The underlying method of the simulation first created cells drawn from a distribution of properties and simulates their CM factors based on those properties (Supplemental Figure S1A). It then determined the optimal frequency that would differentiate most cells from one another under some assumption of the uncertainty of the measurement (Supplemental Figure S1A). In our case, we estimated the position uncertainty based on experimental balance position measurements. In the simulations, we sought to find the number of cells remaining within a set tolerance in CM factor dependent on predicted balance position (Supplemental Figure S1E) at a given frequency. The chosen frequency with the fewest cells remaining was chosen as the best first frequency. Then, using that first frequency, the algorithm searched for the best second frequency (Supplemental Figure S1B).
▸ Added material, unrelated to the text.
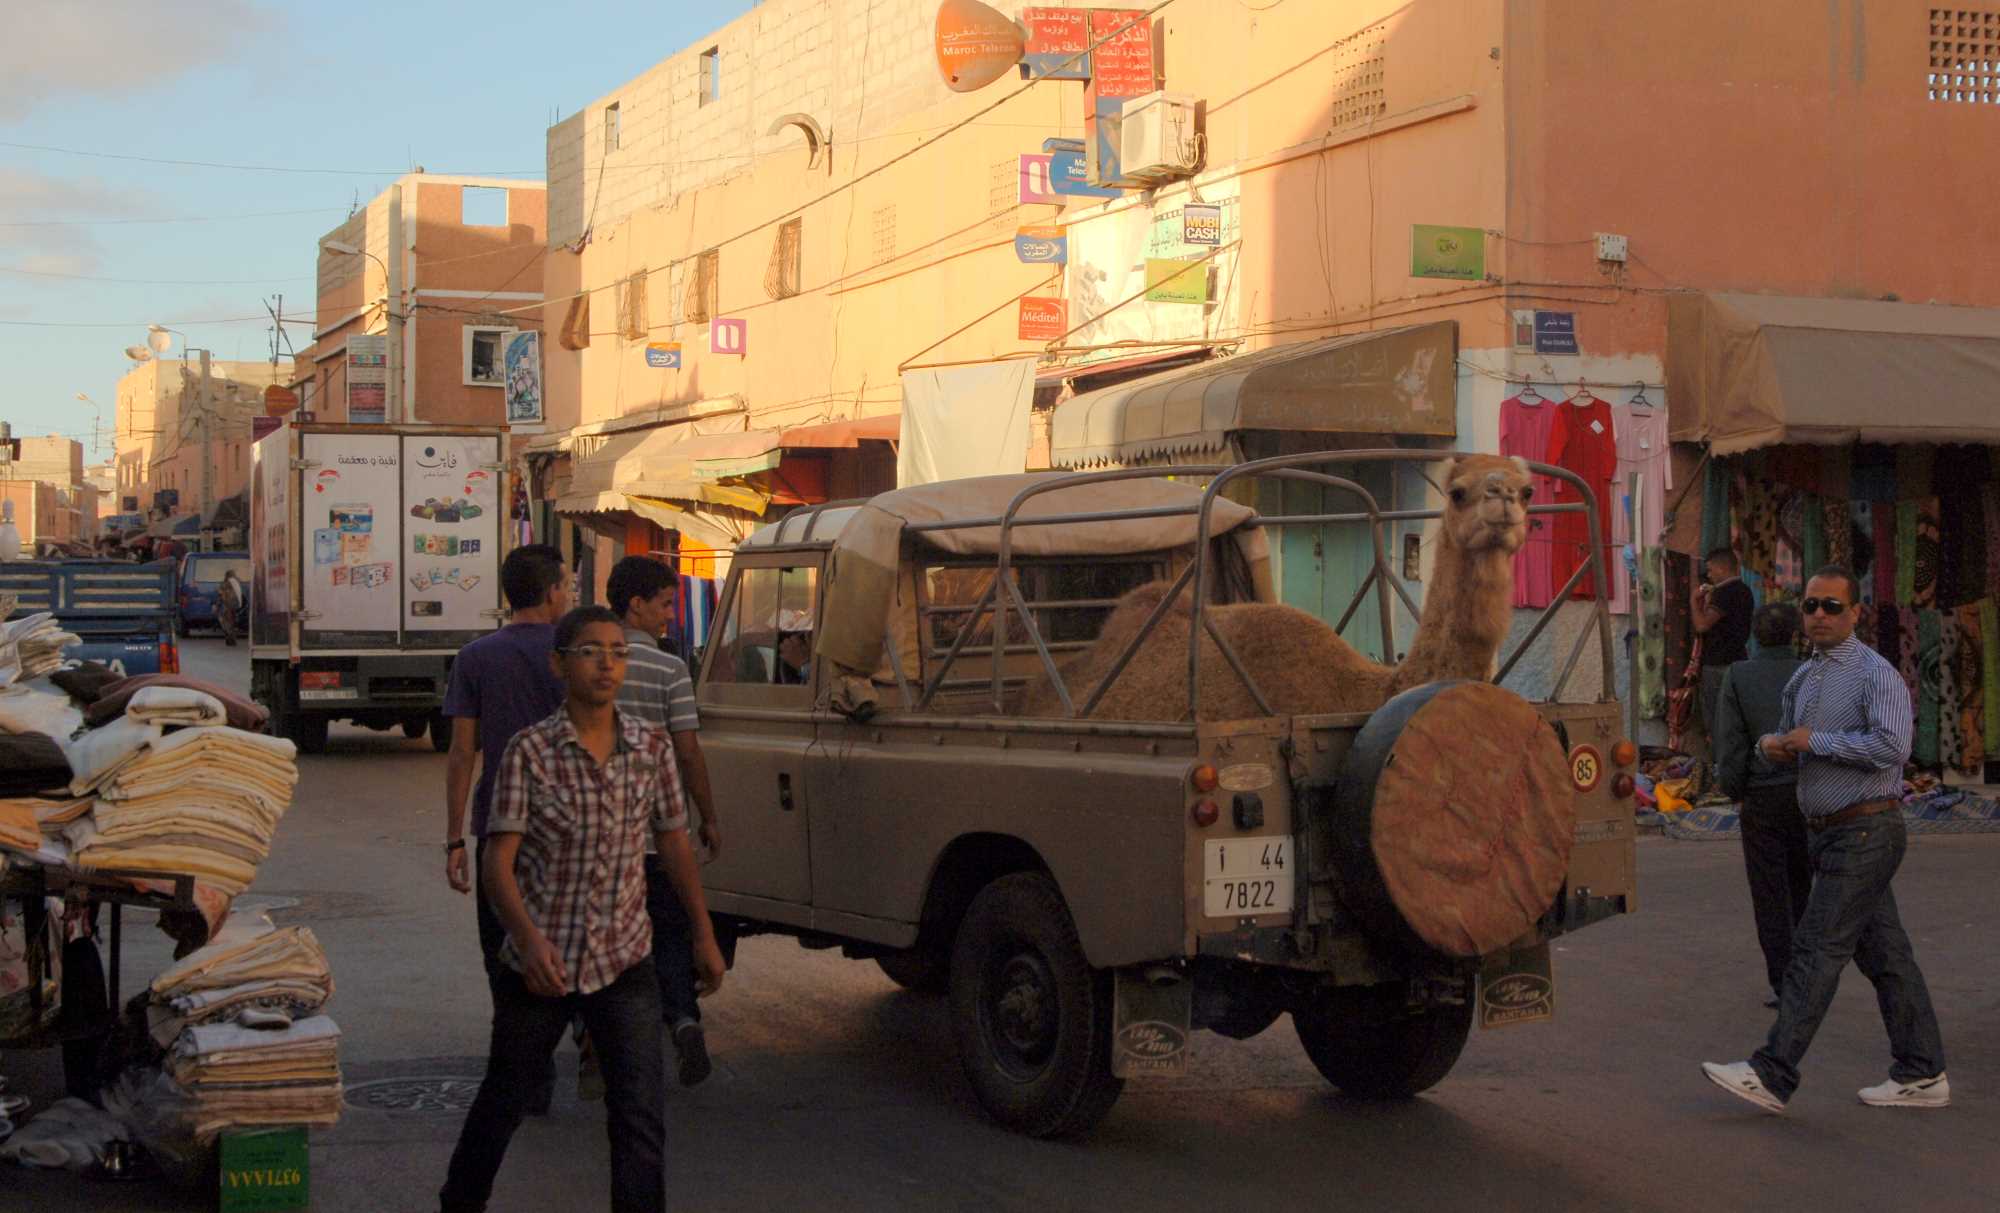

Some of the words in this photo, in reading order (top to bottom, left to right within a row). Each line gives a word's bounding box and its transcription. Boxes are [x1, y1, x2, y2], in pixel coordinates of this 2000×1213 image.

This approach continued until including further frequencies did not further narrow the number of cells (Supplemental Figure S1C, D).
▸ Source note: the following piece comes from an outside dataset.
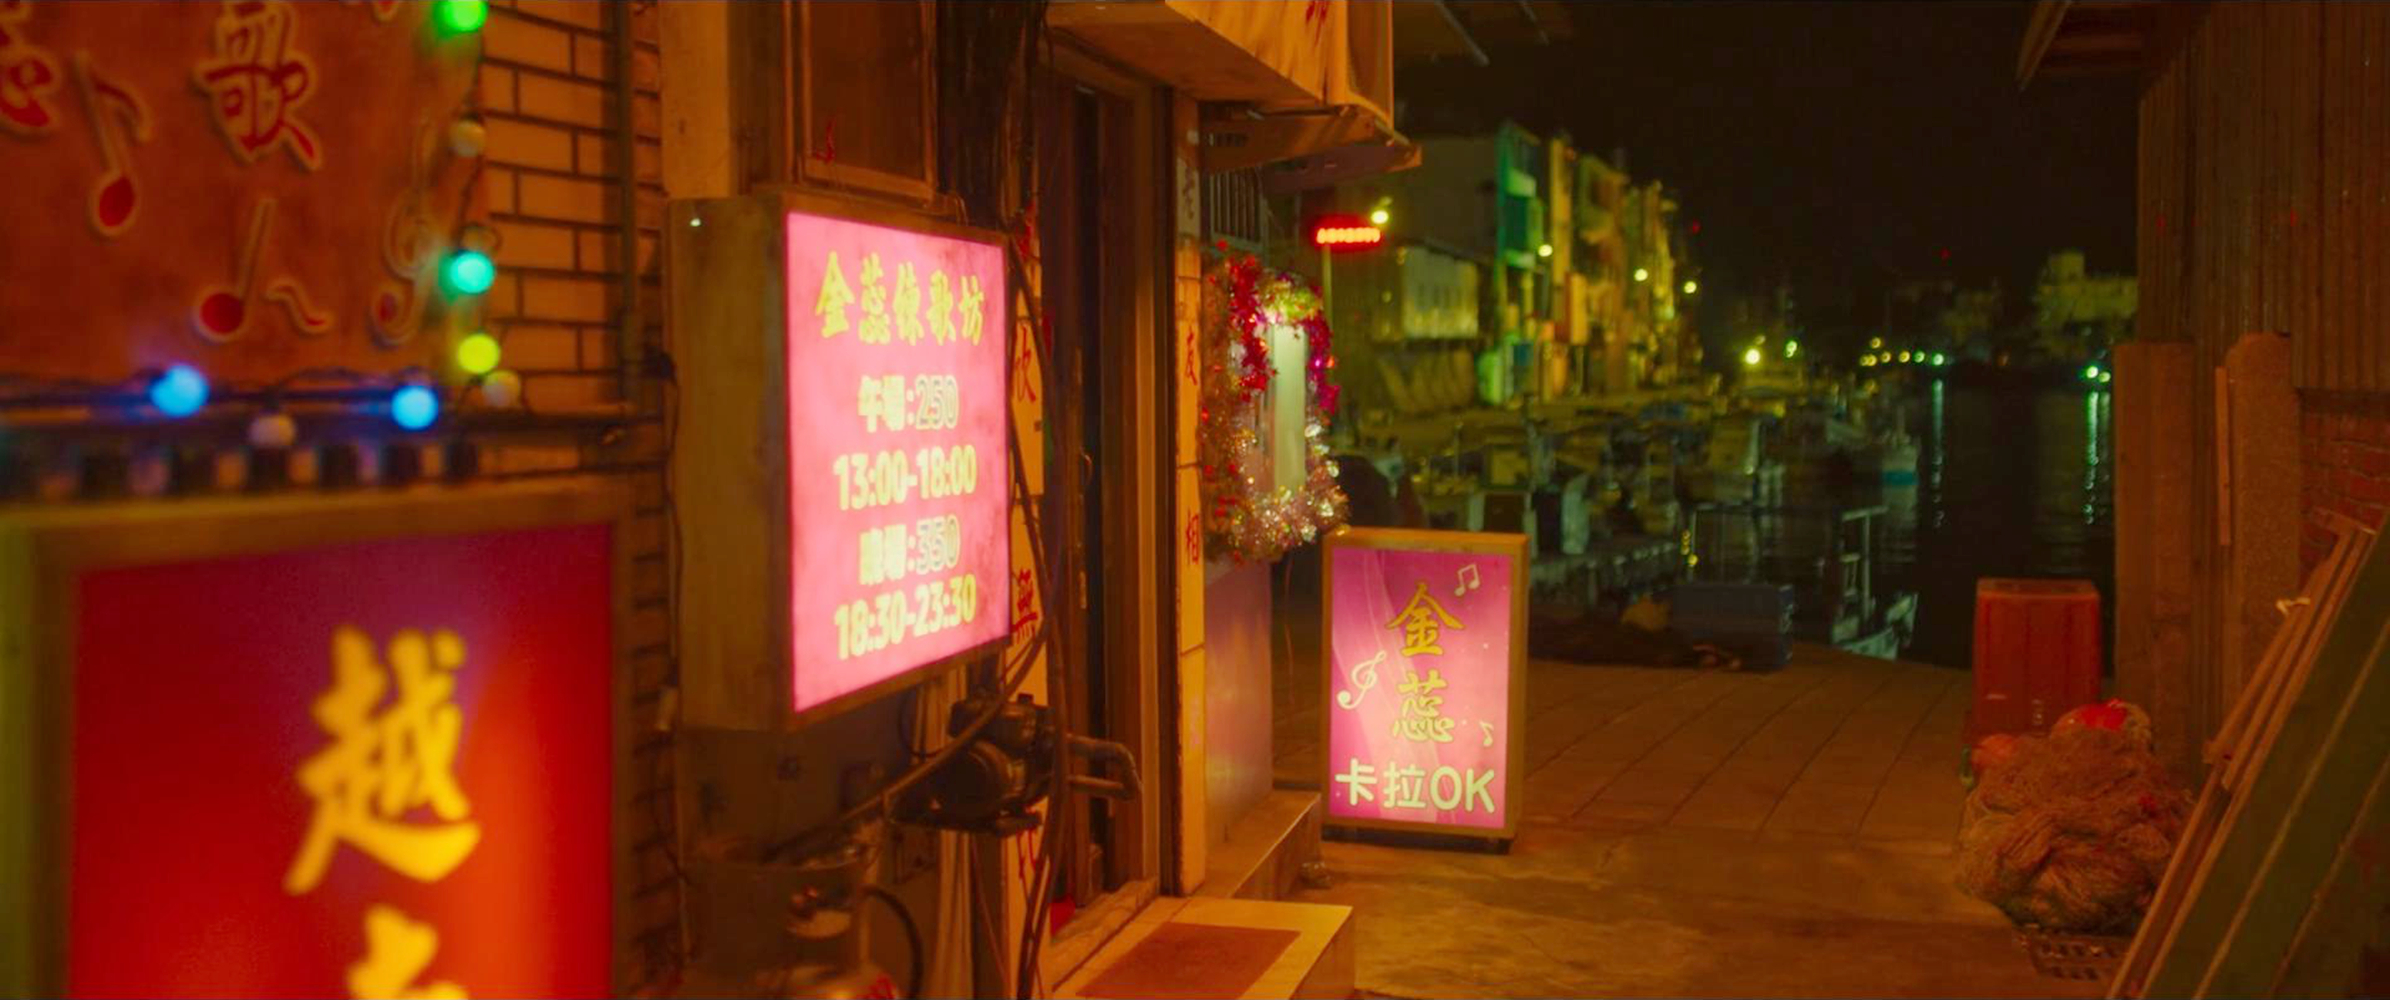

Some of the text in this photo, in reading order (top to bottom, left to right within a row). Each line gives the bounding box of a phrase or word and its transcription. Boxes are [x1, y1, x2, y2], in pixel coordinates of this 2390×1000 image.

[833, 444, 977, 511] 13:00-18:00
[834, 573, 977, 661] 18:30-23:30
[1385, 580, 1465, 742] 金蕊
[1334, 757, 1496, 814] 卡拉OK
As shown in Fig. 1, this simulation was executed for two frequency ranges to determine whether experimental limitations affected the optimal choice of frequencies. In one case, we simulated a large frequency range (10 kHz to 1 GHz), while in the second case we narrowed to the range explored experimentally (500 kHz to 25 MHz).
Comparing the two ranges (Fig. 1a, e), we could see that the Re[CM] spectrum had two dispersions in the wider frequency range (Fig. 1a) and only one in the narrower experimentally accessible range (Fig. 1e), consistent with the known general location of the higher-frequency dispersion. Fewer dispersions indicated that there was more independent information in the wider frequency range than in the narrower range. Examining how increasing numbers of test frequencies narrows the fraction of cells remaining in the wide experimental range (Fig. 1c, d), we saw that the ability to discern cells improves as we increased from one to four different frequencies in the sequence. In particular, measuring at one frequency (optimally chosen to be 50 MHz, Fig. 1d), left 11% of cells on average; increasing to two frequencies left only 3% of cells remaining, while four frequencies narrowed down to 0.5% of cells (Fig. 1d). Adjusting the balance position uncertainty affected the number of frequencies above which no further discrimination occurs, as expected (Supplemental Figures S2–S3).
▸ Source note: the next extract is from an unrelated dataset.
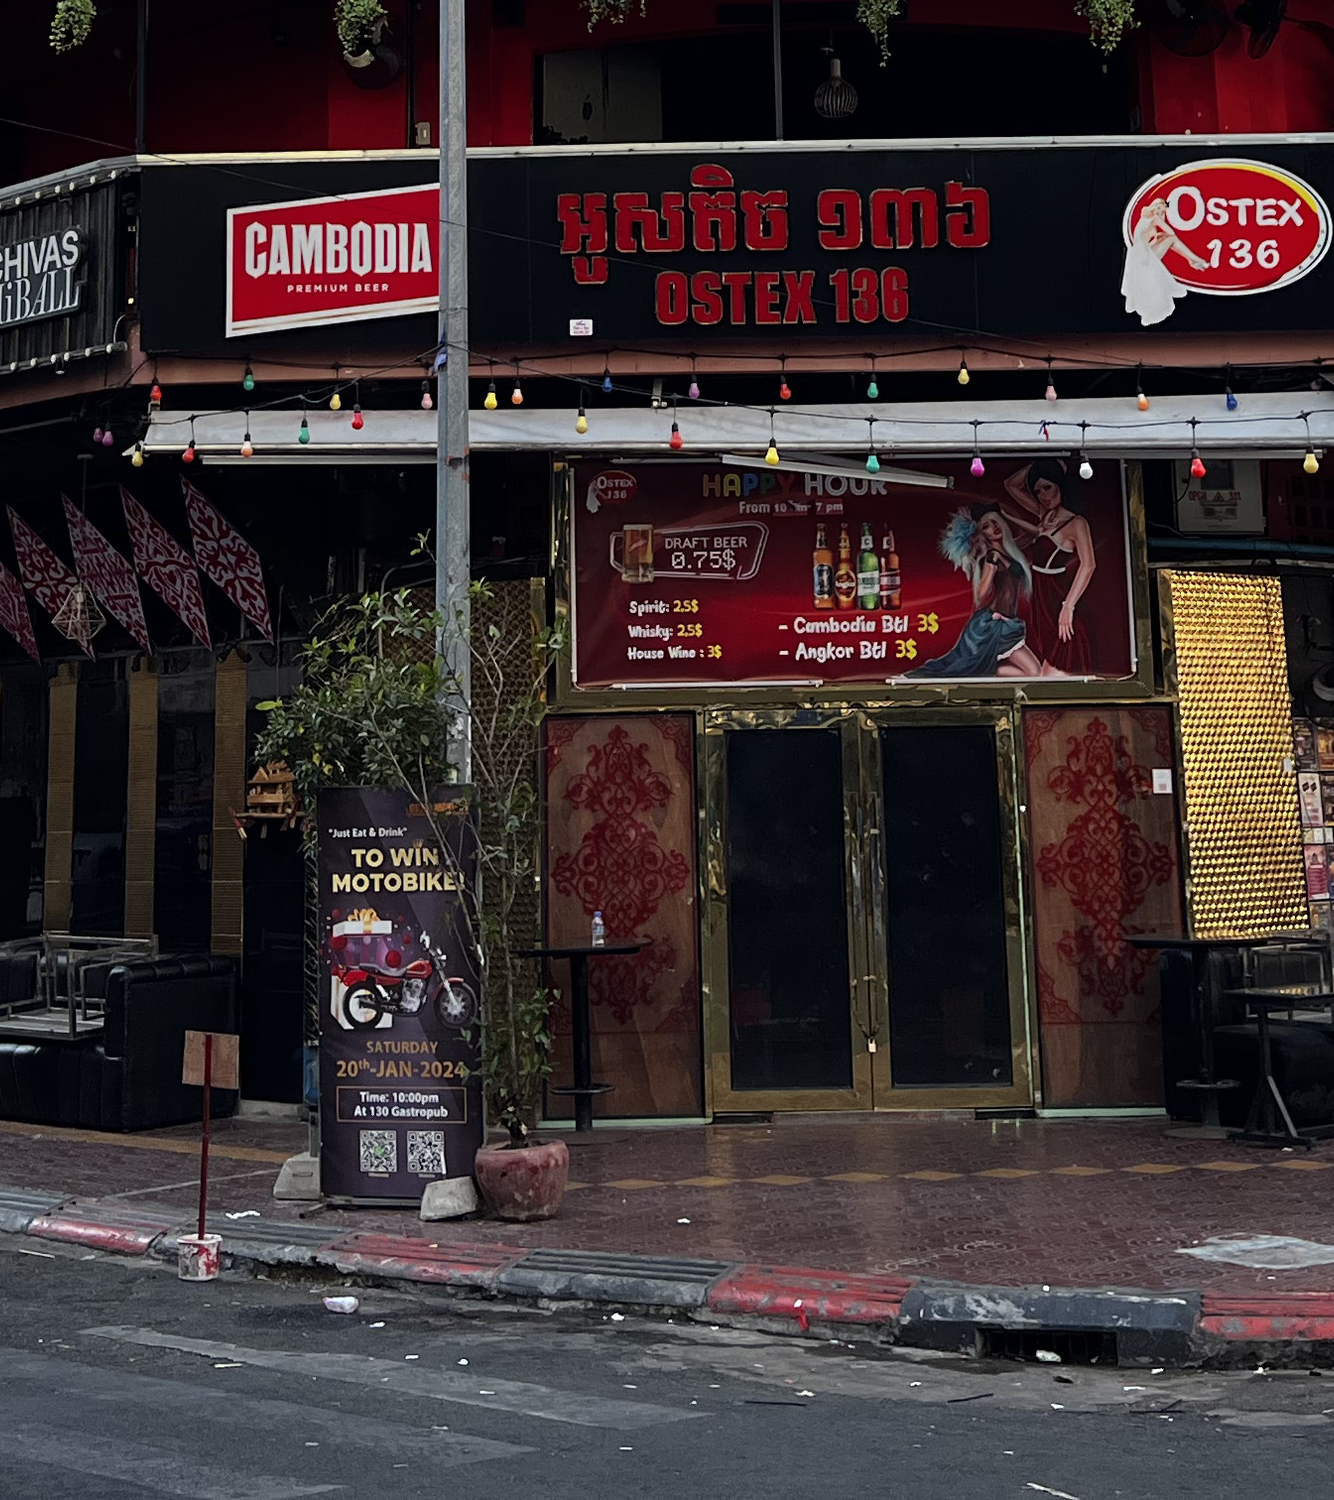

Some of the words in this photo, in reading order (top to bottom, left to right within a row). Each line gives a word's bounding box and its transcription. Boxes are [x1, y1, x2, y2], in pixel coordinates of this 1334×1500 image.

Examining the particular optimal frequencies chosen in the wide frequency range, frequencies around the second dispersion were more informative than lower frequencies as the frequencies around the second dispersion had the high variability in CM (Fig. 1a) and the balance position was strongly sensitive to Re[CM] when Re[CM] was close to zero (Figure S1E). After that, the optimal frequencies were around the first dispersion as CM factor spectra around the second dispersion were already narrowed down from the first optimal frequency. The fourth frequency only provided 0.3% additional discrimination ability, and the particular choice of frequency value was not very sensitive (0.05% change in fraction of cells remaining across the frequency range).
Turning to the narrower, more easily accessible experimental range (Fig. 1e–h), we saw a similar decrease in the fraction of cells remaining as additional frequencies were measured (Fig. 1g). Consistent with the wide frequency range, the optimal first frequency was the highest-accessible frequency, in this case 25 MHz. We also saw that the ability to discriminate saturated at ~4% cells remaining after three frequencies, worse than in the wider frequency range, because not all cell properties were accessible at the lower frequency range. In particular, the third frequency choice was not critical; there was a 0.1% variation in the fraction of cells remaining across the frequency range.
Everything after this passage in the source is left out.